I rose back up and sighed, letting myself fall back against their fridge, I never felt so helpless. Like I could’ve done something to prevent it. They were good people. I know I bitched about them, but they were truly good people. Folks that just didn’t deserve to die this way. I guess in times like this your first thought is to pick up the phone and dial 911. It had been so long since I even looked at a phone that the thought was lost on me. It only hit me when I looked over and saw a portable phone lying at the far end of the kitchen. Phillis must have dropped it at some point during the whole scuffle. I grabbed it up, it was covered in dried blood…Of course it was dead. My attention turns to their wall phone, an actual corded landline, something I joked about the 50 plus crowd still having around. But again, nothing, dead silence. The panic begins to set it. I mean REAL panic. It’s like all the shit I’d suppressed and ignored was flooding into my bloodstream and going straight to my brain. I get a wave of uncontrollable emotions and I just start throwing shit, anything I can get my hands on, all while cursing to make the devil blush. When I finally settle down, I noticed tears are running down my face. I don’t even know if it’s from sadness or anger, and all that does is piss me off even more. But before I can go off once again, a sound startles me. I whip the gun down towards the floor as I see a piece of Phillis’s clothing begin to writhe with a whimpering sound beneath. I have to be honest, there was some weird shit going through my head right then. I’m waiting for a mutant baby human to come ripping through her clothes and latch on to my neck. God, I’d watched too many 80’s horror flicks. Right then, a head pokes out from under the fabric.

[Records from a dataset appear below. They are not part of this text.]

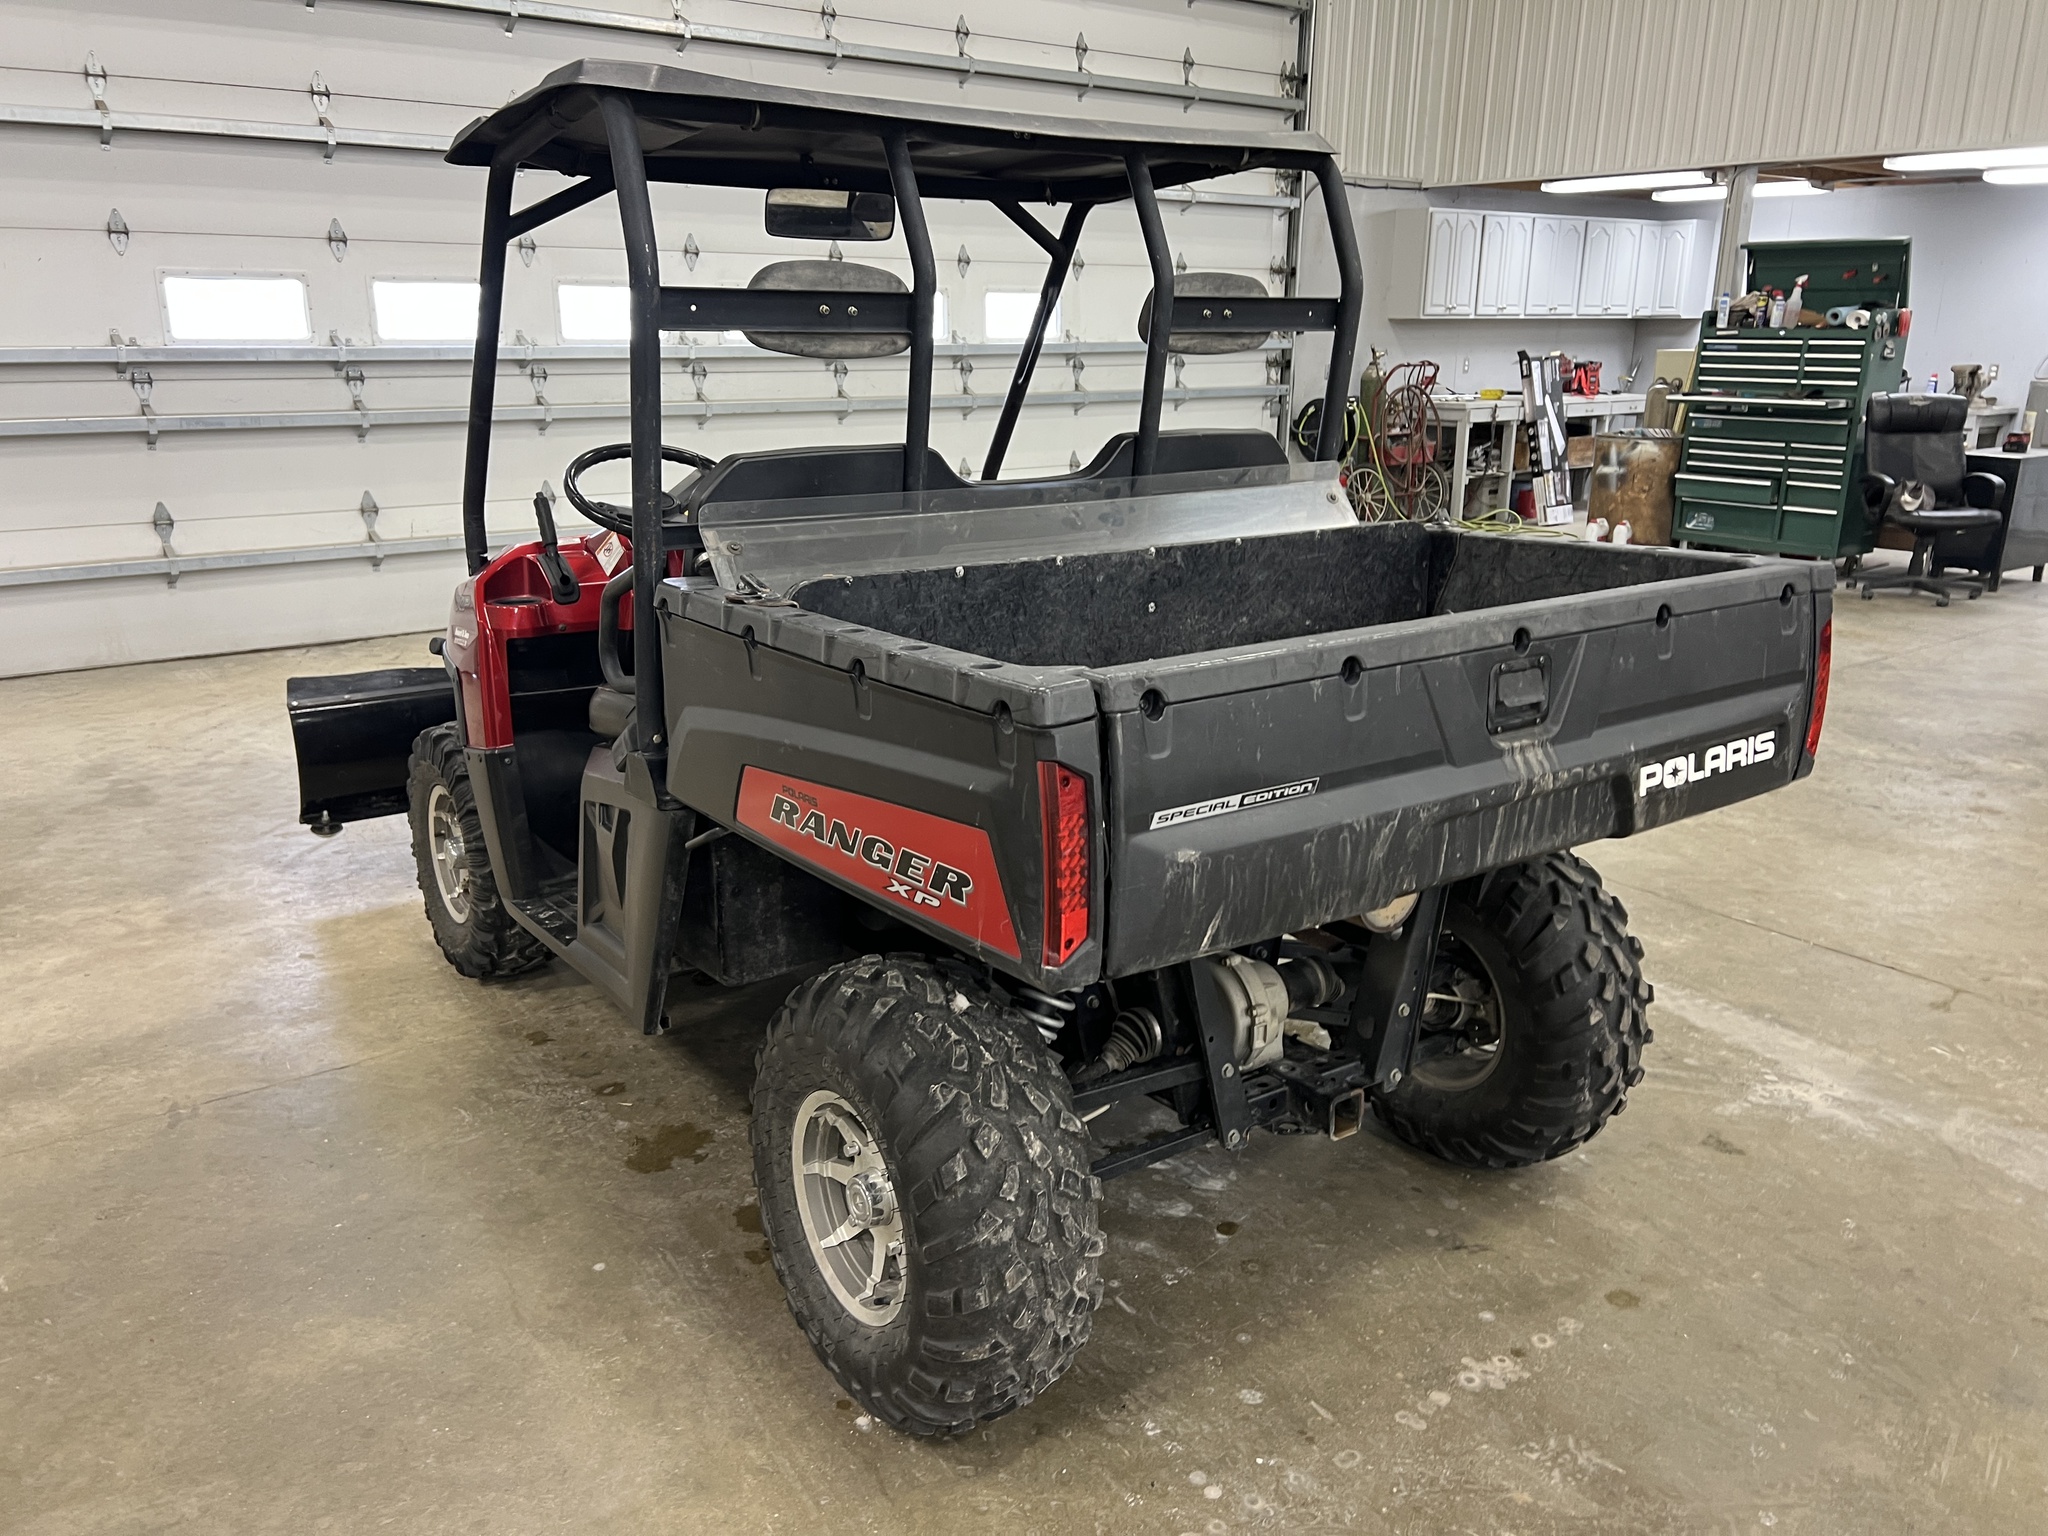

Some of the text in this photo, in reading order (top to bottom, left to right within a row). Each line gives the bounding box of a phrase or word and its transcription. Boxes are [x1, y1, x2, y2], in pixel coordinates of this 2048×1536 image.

[1639, 730, 1775, 797] POLARIS
[782, 784, 818, 807] POLARIS
[1156, 782, 1313, 825] SPECIAL EDITION
[770, 793, 974, 907] RANGER
[884, 877, 942, 909] XP
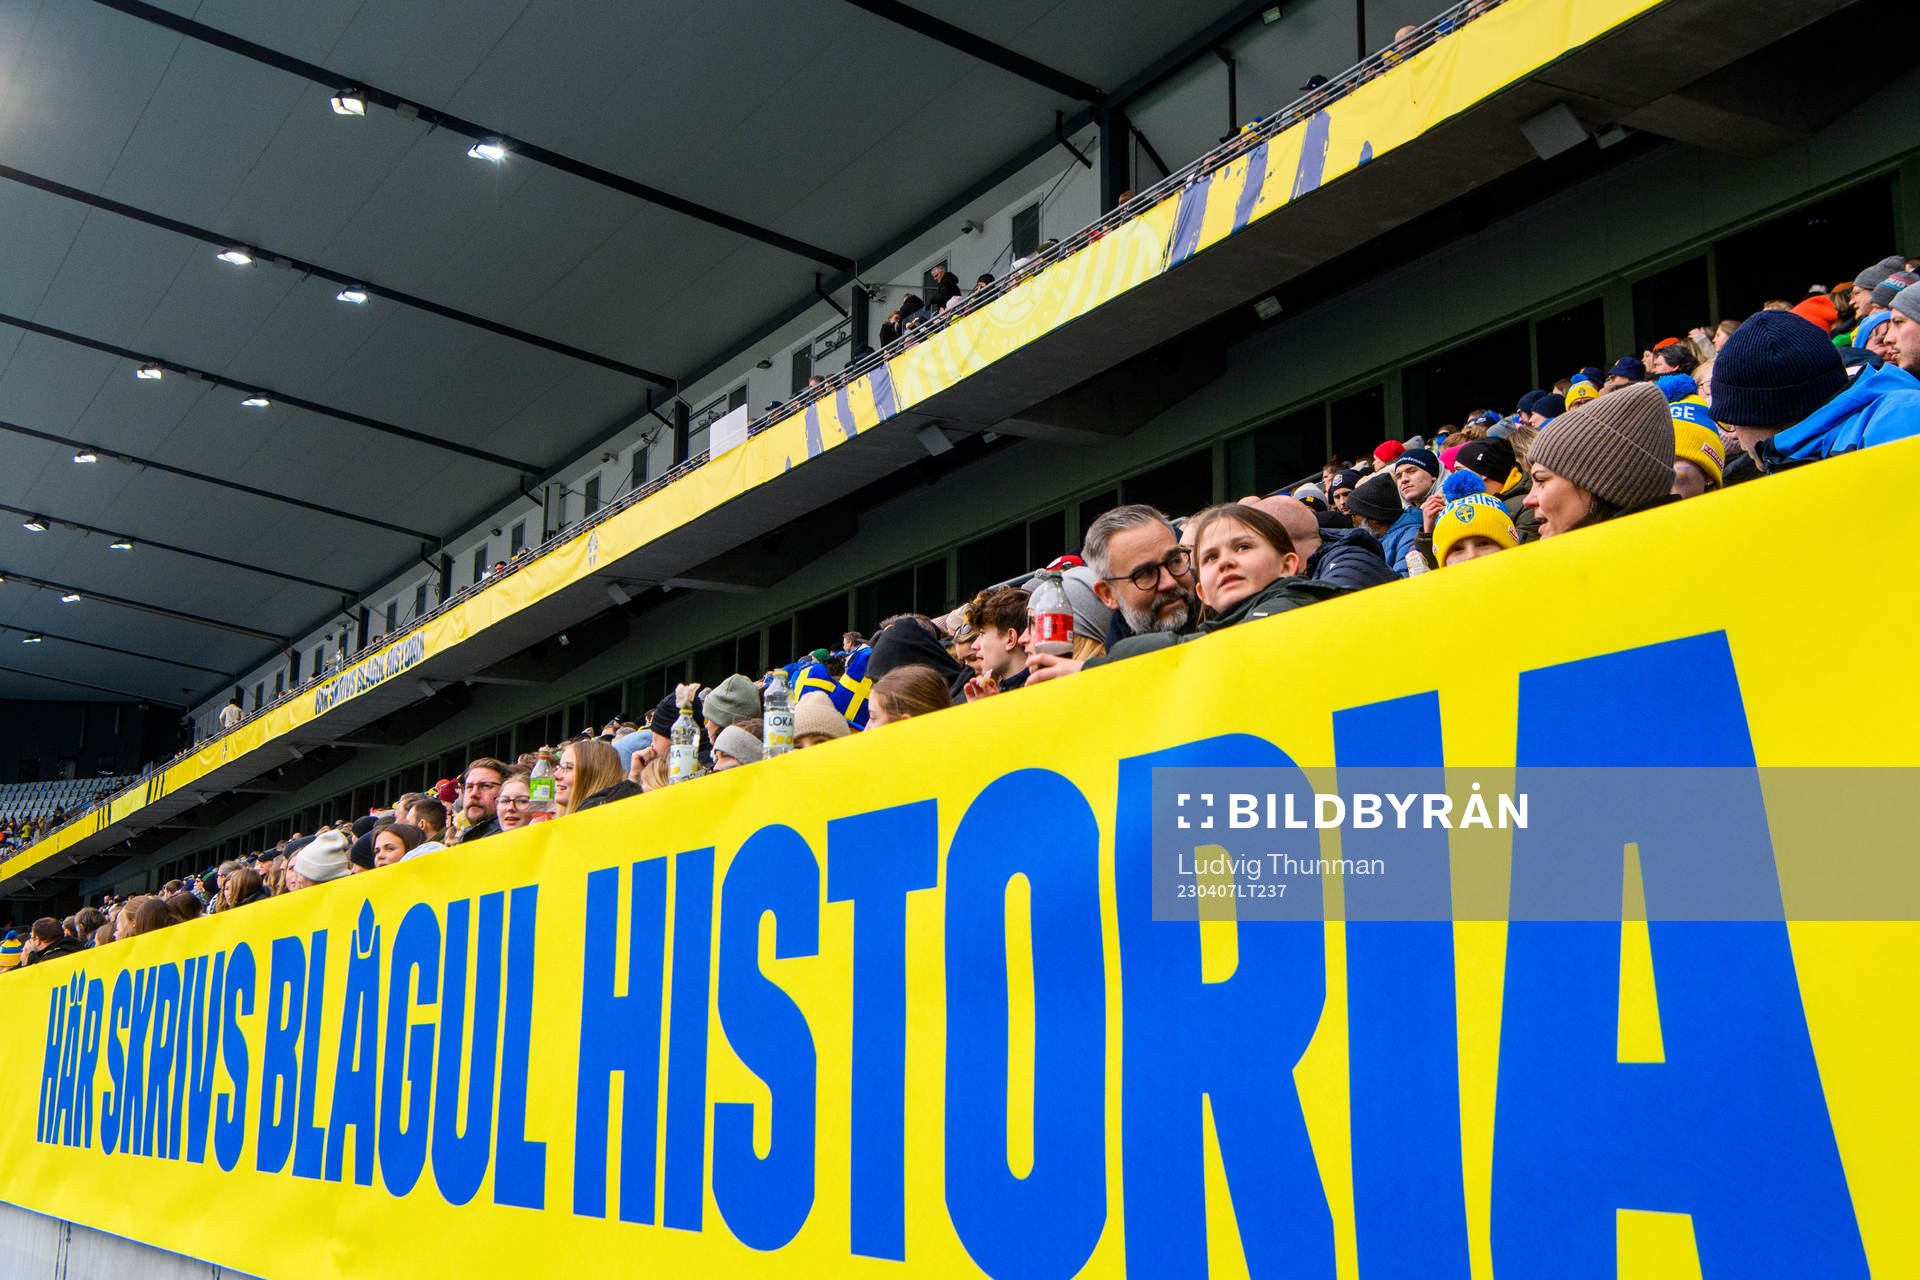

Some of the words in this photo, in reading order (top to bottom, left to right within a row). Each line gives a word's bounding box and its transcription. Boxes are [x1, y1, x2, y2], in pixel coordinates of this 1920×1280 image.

[768, 715, 793, 727] LOKA
[36, 967, 104, 1149] HÄR
[100, 941, 258, 1173] SKRIVS
[256, 884, 548, 1212] BLÅGUL
[573, 630, 1871, 1280] HISTORIA
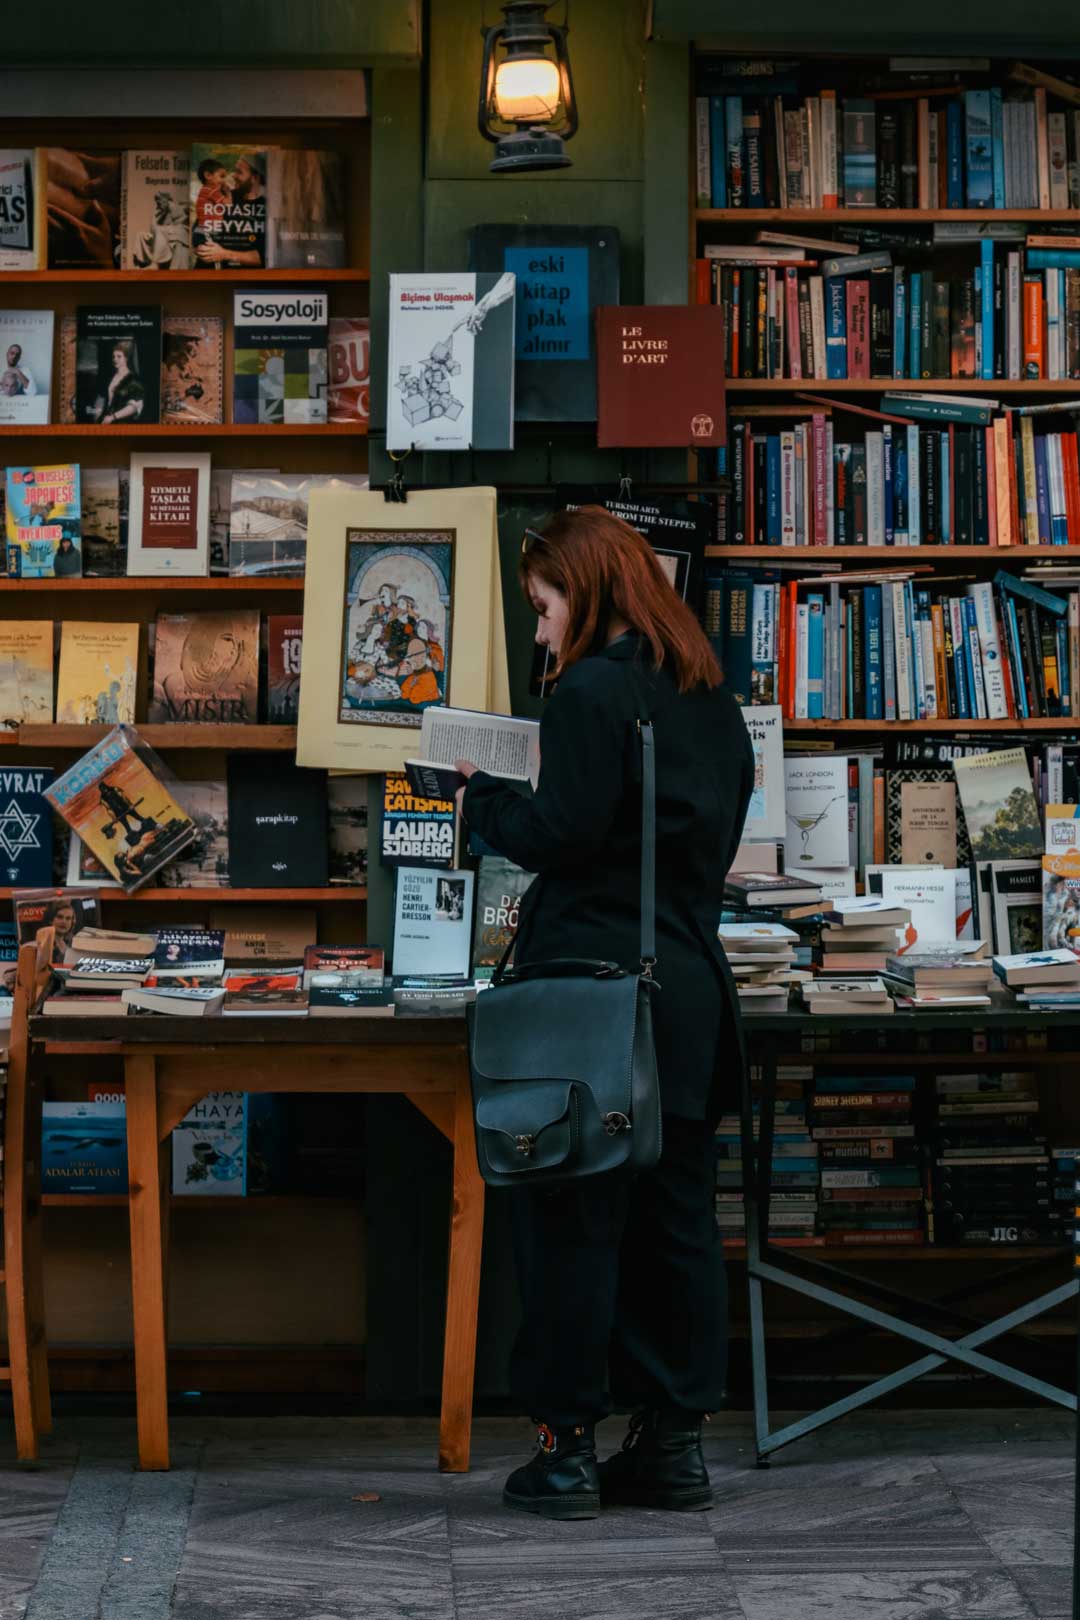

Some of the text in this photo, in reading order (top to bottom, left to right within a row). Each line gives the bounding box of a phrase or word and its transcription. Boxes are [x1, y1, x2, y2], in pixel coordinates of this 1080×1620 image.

[748, 136, 761, 196] THESAURUS
[203, 203, 266, 217] ROTASIZ
[203, 219, 265, 234] SEYYAH
[528, 255, 565, 273] eski
[400, 293, 474, 304] Biçime Ulaşmak
[522, 282, 571, 307] kitap
[829, 283, 843, 309] Jackie
[240, 299, 323, 322] Sosyoloji
[527, 308, 568, 331] plak
[622, 327, 642, 337] LE
[622, 340, 668, 350] LIVRE
[622, 353, 668, 364] D'ART
[24, 485, 74, 504] JAPANESE
[150, 485, 191, 494] KIYMETLİ
[150, 495, 190, 504] TAŞLAR
[606, 500, 660, 515] TURKISH ARTS
[611, 510, 697, 530] FROM THE STEPPES
[869, 628, 878, 650] TOEFL
[765, 718, 777, 726] of
[751, 729, 766, 740] is
[938, 745, 962, 762] OLD
[385, 779, 413, 794] SAV
[382, 820, 454, 843] LAURA
[1009, 875, 1036, 884] HAMLET
[402, 894, 423, 902] HENRI
[402, 902, 432, 912] CARTIER-
[401, 911, 432, 921] BRESSON
[814, 1095, 873, 1106] SIDNEY SHELDON
[44, 1166, 86, 1177] ADALAR
[990, 1226, 1018, 1242] JIG

“Shit!” I yell, my finger is about to depress the trigger but I stop as the sight of a tiny dog comes full circle. Oh Jesus, it was their dog. They did have a dog. Gypsy. She was a shit-zu, and a tiny one at that. I watched as the poor thing trembles and lays down on Phillis’s shoulder, cuddling her dead master’s neck like she’s waiting for her to wake up. She whined and looked up at me, as scared as anything could ever be. It was heart-wrenching. I didn’t want to know what that dog had seen. I’m not going to lie, there was that part of me that wondered if putting her down was the humane thing to do. But I didn’t have one bone in me like that. I was the man who would put spiders outside and save beetles from drowning. I gently scooped her up.
“C’mon, sweetheart.” Jeff was waiting for me outside. Of course, he was jumping up and sniffing and pawing, wanting to know what I had under my clothes. Gypsy’s head popped out overtop of my shirt collar and he started going berserk.
“Shut the hell up! Stop!” I try wrapping my irritation in a whisper. And right then it happens. As if Jeff’s barking called it forth, I round the corner and I’m nose to nose with another infected person. And you know what came out of my mouth right then? ‘Ope.’ For those of you who aren’t from the Midwest, ( or those of you who are and don’t realize you use it on a daily basis ) Ope is a one syllable expression that means, “I am startled” and/or “Excuse me” The best I can figure it’s some kind of hybrid of “Oh” and “Oops”. And it has to be some kind of learned behavior, either that or it’s just a bi-product of being around too much corn. Anyway, I have a zombie in my face, I don’t know if they were once a neighbor or some passerby, but I never would find out because I blew their head clean off with the shotgun. I fell on my ass like I did when I was ten years old from the recoil, and watch the body in front of me slump over. It was right then that the tiny dog under my shirt flies out and goes running as fast as she can.